In a flurry of reorganization and deal making, cable-box maker NextLevel Systems Inc. took the next step towards the future of interactive TV.
On Wednesday, the Chicago company announced plans to supply up to 15 million digital set-top devices to nine cable-system operators over the next three to five years in a deal that company executives estimate could be worth at least $4.5 billion.
"The (cable) community needs to show they can make money deploying digital cable boxes," said Joel Jakubson, vice president and senior analyst with industry consultancy Ryan Hankin Kent Inc. "The industry needed a kick start -- and, to me, this is that kick start."
At the same time, the company, which is changing its name back to General Instrument Corp., said the cable operators will receive warrants to buy about 16 percent of the firm at about $15 per share.
A smart move, said Jakubson. "The message they are giving to cable providers is 'We made a mistake, but we are willing to fix it,'" the analyst said. The company had attempted to jump into cable telephony and, to a large extent, failed.

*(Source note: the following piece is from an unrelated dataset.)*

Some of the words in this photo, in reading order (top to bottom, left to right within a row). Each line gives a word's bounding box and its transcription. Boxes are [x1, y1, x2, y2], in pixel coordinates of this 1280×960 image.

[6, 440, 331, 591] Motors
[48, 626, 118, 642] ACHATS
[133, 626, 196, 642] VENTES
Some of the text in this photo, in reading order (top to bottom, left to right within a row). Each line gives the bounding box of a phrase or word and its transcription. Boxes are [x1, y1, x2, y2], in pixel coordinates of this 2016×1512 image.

"The cable telephony market is not there yet," said Jakubson. Still, even if NextLevel jumped the gun, they aren't admitting it yet. The company still intends to pursue the telephony wild card under its current name.

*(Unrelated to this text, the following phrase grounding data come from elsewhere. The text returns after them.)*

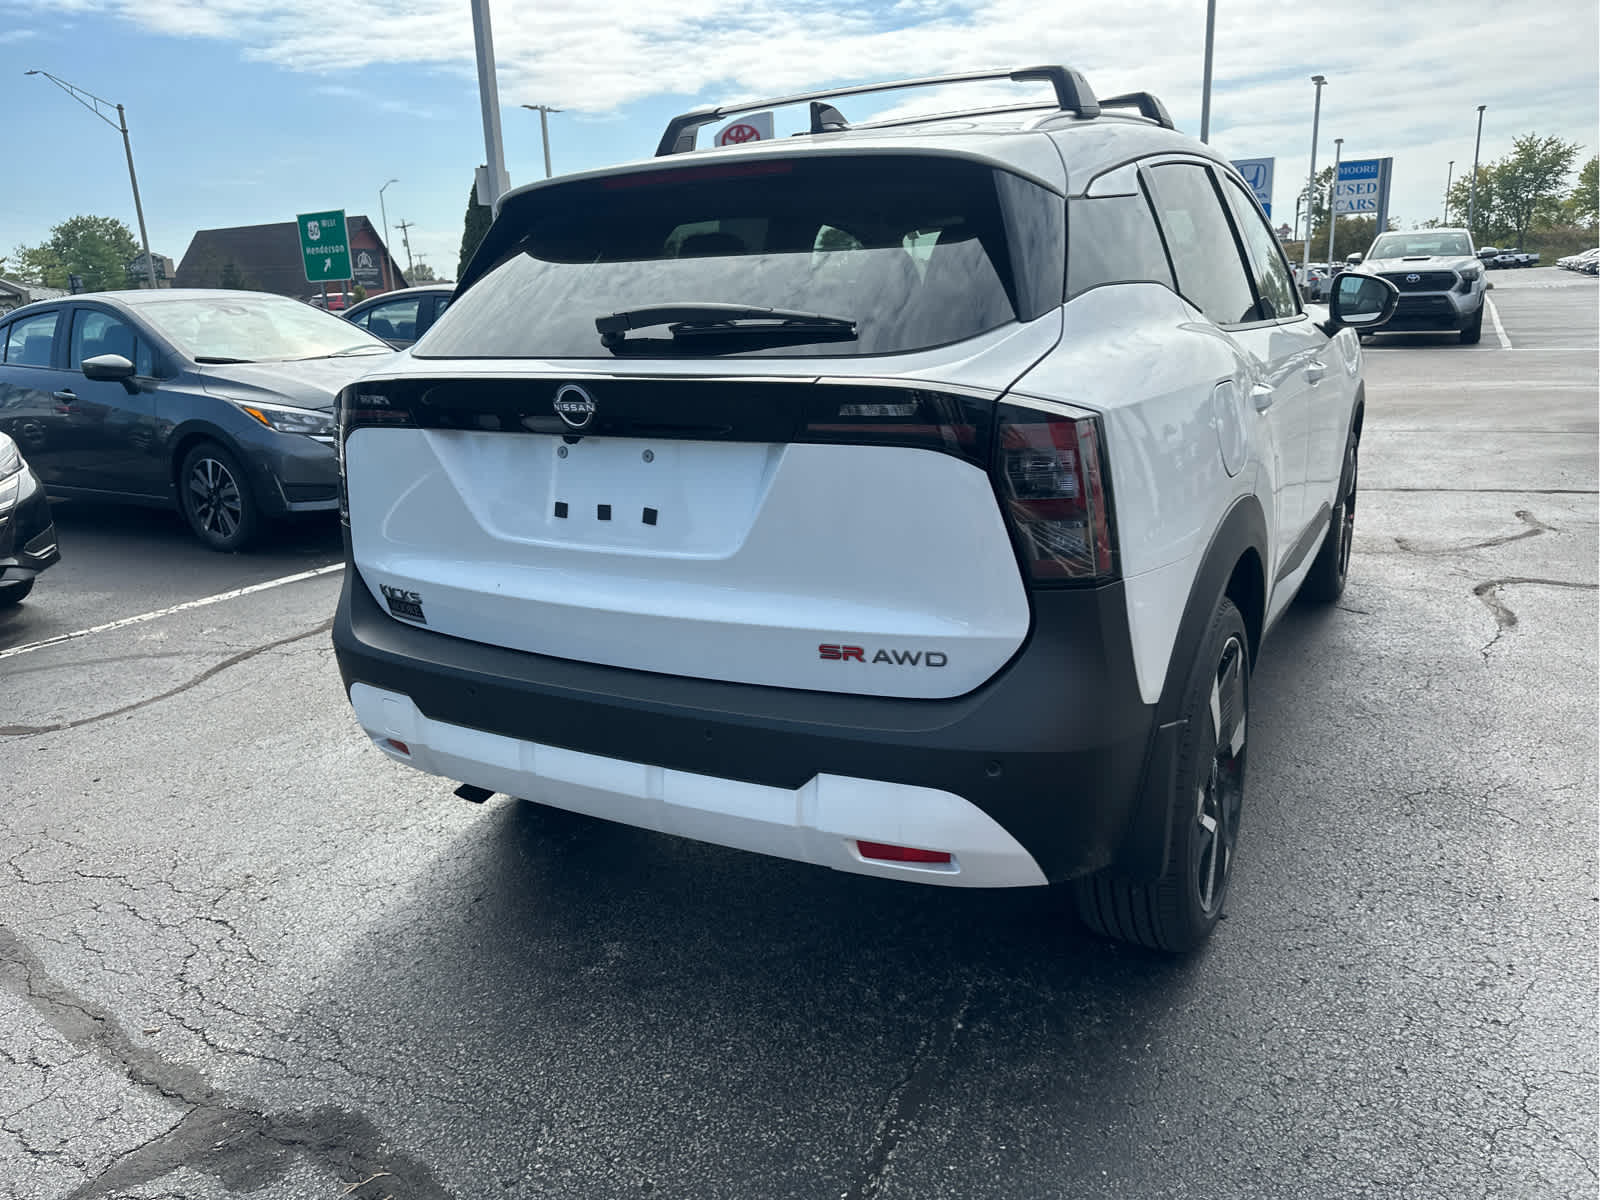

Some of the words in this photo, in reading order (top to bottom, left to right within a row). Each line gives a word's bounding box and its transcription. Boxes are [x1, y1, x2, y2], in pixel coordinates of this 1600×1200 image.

[1338, 164, 1377, 175] MOORE
[1336, 182, 1377, 196] USED
[1335, 198, 1376, 211] CARS
[306, 245, 345, 255] Henderson
[553, 402, 595, 411] NISSAN
[379, 584, 422, 604] KICKS
[818, 643, 867, 662] SR
[872, 648, 948, 667] AWD
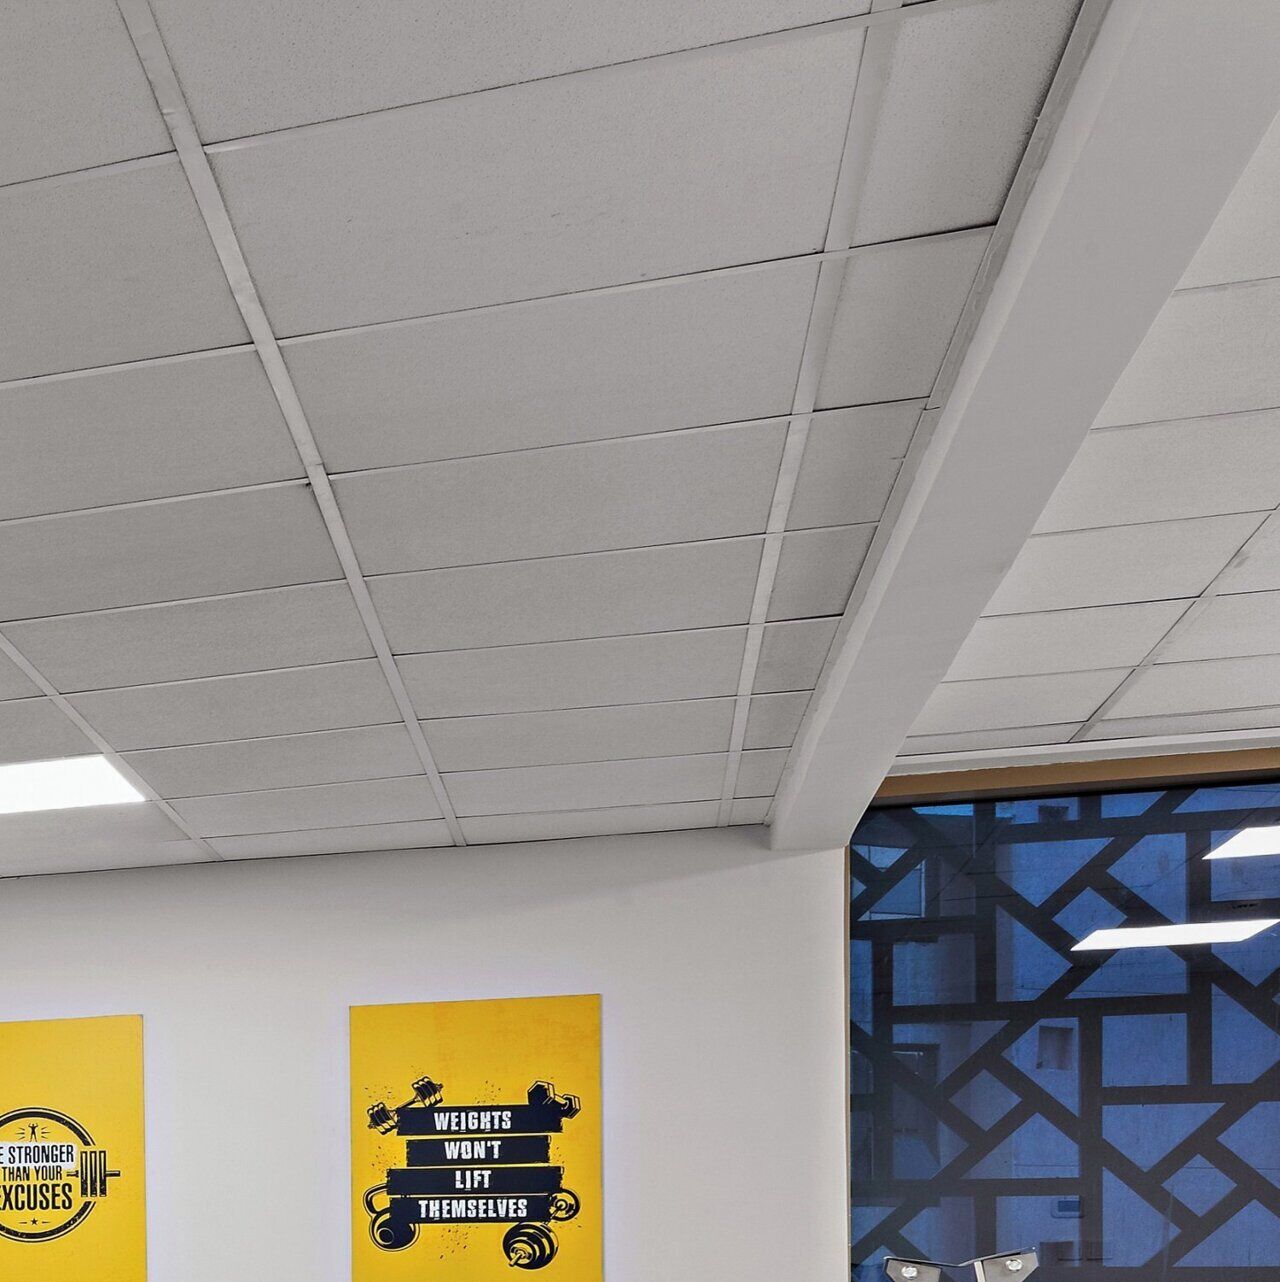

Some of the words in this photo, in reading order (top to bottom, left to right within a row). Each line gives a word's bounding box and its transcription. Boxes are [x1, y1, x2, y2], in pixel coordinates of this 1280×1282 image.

A dark horse in the whole deal is cable operator Tele-Communications Inc. Last week, TCI Chairman John Malone indicated that the company was in the market for anywhere from 5 million to 10 million digital set-top boxes.
In addition, the company will be selling the digital authorization unit of its Head-End in the Sky, or HITS, organization to NextLevel for a 10 percent equity stake. The business unit provides a secure one-way backbone using satellites for cable providers to receive secure data.

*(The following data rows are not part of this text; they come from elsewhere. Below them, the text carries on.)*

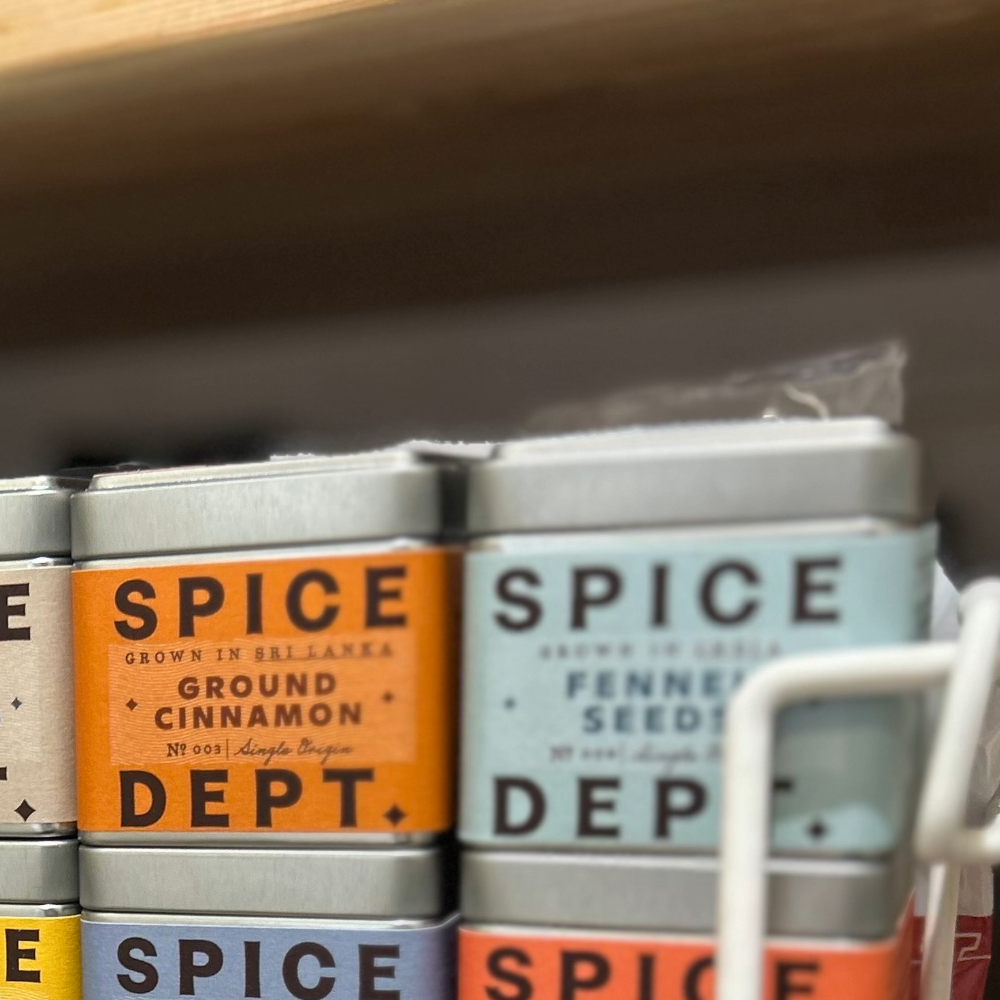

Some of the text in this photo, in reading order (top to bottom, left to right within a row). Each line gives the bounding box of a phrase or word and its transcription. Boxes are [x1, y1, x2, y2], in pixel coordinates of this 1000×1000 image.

[113, 567, 408, 641] SPICE
[493, 554, 842, 633] SPICE
[125, 642, 394, 665] GROWN IN SRI LANKA
[178, 672, 336, 700] GROUND
[155, 702, 361, 730] CINNAMON
[193, 745, 221, 755] 003
[235, 738, 291, 765] Single
[297, 738, 353, 764] Origin

For the consumers, the deal means digital interactive cable will definitely be arriving. Such interactive terminals would be backward compatible, in terms of video, audio and security systems, with approximately 600,000 one-way NextLevel digital boxes already shipped to TCI and other operators to receive the HITS service.
Two key components of NextLevel's cable box remain, as yet, unspecified: the processor and the operating system. NextLevel's interactive, digital box currently accommodates PowerPC chips from IBM Corp. and Motorola Inc. and operating systems from Microsoft Corp., Microware Systems Inc. and Netscape Communications Corp.
However, based on the cable industry's emerging OpenCable hardware-software interface specifications, each operator can choose to put into the box a low-cost CPU to run a simplified operating system or faster, higher-cost CPU to run a more complex operating system.
"This is like an empty can that operators can choose to fill any way they want," said an industry consultant close to the deal.
In his comments last week, TCI's Malone said the design his company has requested must support Microsoft's "hefty" Windows CE operating system. In addition, a hardware-software co-development deal between NextLevel and Microsoft stretches back to May 1994, raising the specter that Microsoft will be on a large percentage of the boxes.
Whether other operators, particularly the largest single operator, Time Warner Cable, will join the deal remains unclear.
Still, since the NextLevel products will comply with the industry standard for advanced cable boxes, the OpenCable specification, cable providers and consumers will eventually be able to buy the boxes at retail and move them freely from cable system to cable system.